**Task brief**
What you return should be the full listing, word for word, without a single image.

[[ Available data, beginning ]]

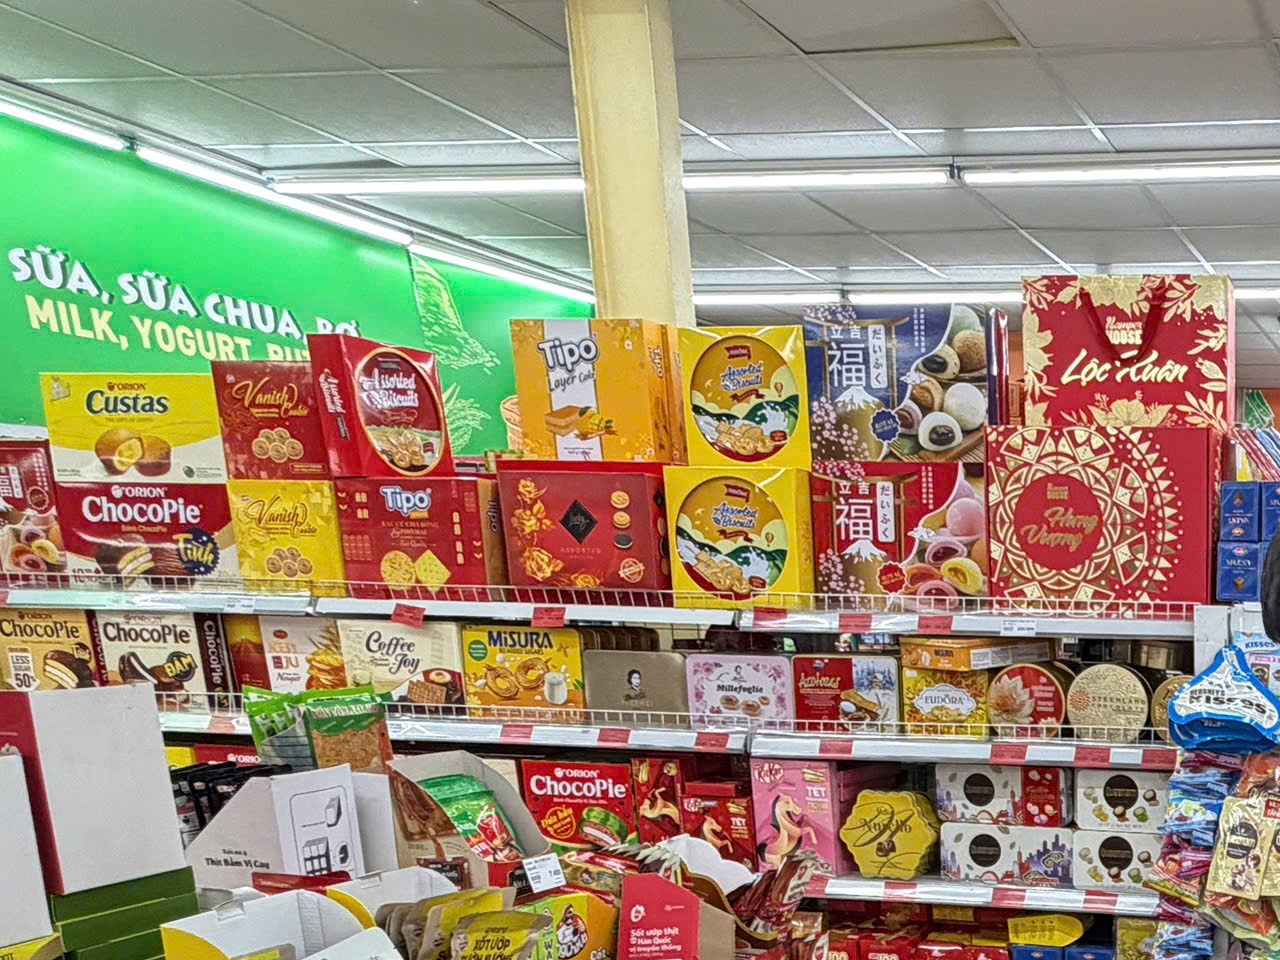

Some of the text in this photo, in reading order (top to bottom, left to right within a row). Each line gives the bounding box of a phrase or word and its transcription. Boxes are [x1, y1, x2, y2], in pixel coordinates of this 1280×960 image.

[9, 245, 114, 305] SỮA,
[118, 270, 200, 319] SỮA
[26, 295, 129, 351] MILK,
[538, 337, 599, 373] Tipo
[828, 341, 866, 388] 福
[86, 389, 169, 416] Custas
[121, 486, 167, 499] ORION
[380, 486, 432, 510] Tipo
[82, 497, 201, 524] ChocoPie
[836, 498, 874, 540] 福
[0, 619, 80, 640] ChocoPie
[103, 622, 191, 646] ChocoPie
[366, 631, 415, 654] Coffee
[530, 776, 627, 799] ChocoPie

[[ Available data, end ]]

**Answer to this task**
Some of the text in this photo, in reading order (top to bottom, left to right within a row). Each line gives the bounding box of a phrase or word and its transcription. Boxes are [x1, y1, x2, y2], in pixel coordinates of this 1280×960 image.

[9, 245, 114, 305] SỮA,
[118, 270, 200, 319] SỮA
[26, 295, 129, 351] MILK,
[538, 337, 599, 373] Tipo
[828, 341, 866, 388] 福
[86, 389, 169, 416] Custas
[121, 486, 167, 499] ORION
[380, 486, 432, 510] Tipo
[82, 497, 201, 524] ChocoPie
[836, 498, 874, 540] 福
[0, 619, 80, 640] ChocoPie
[103, 622, 191, 646] ChocoPie
[366, 631, 415, 654] Coffee
[530, 776, 627, 799] ChocoPie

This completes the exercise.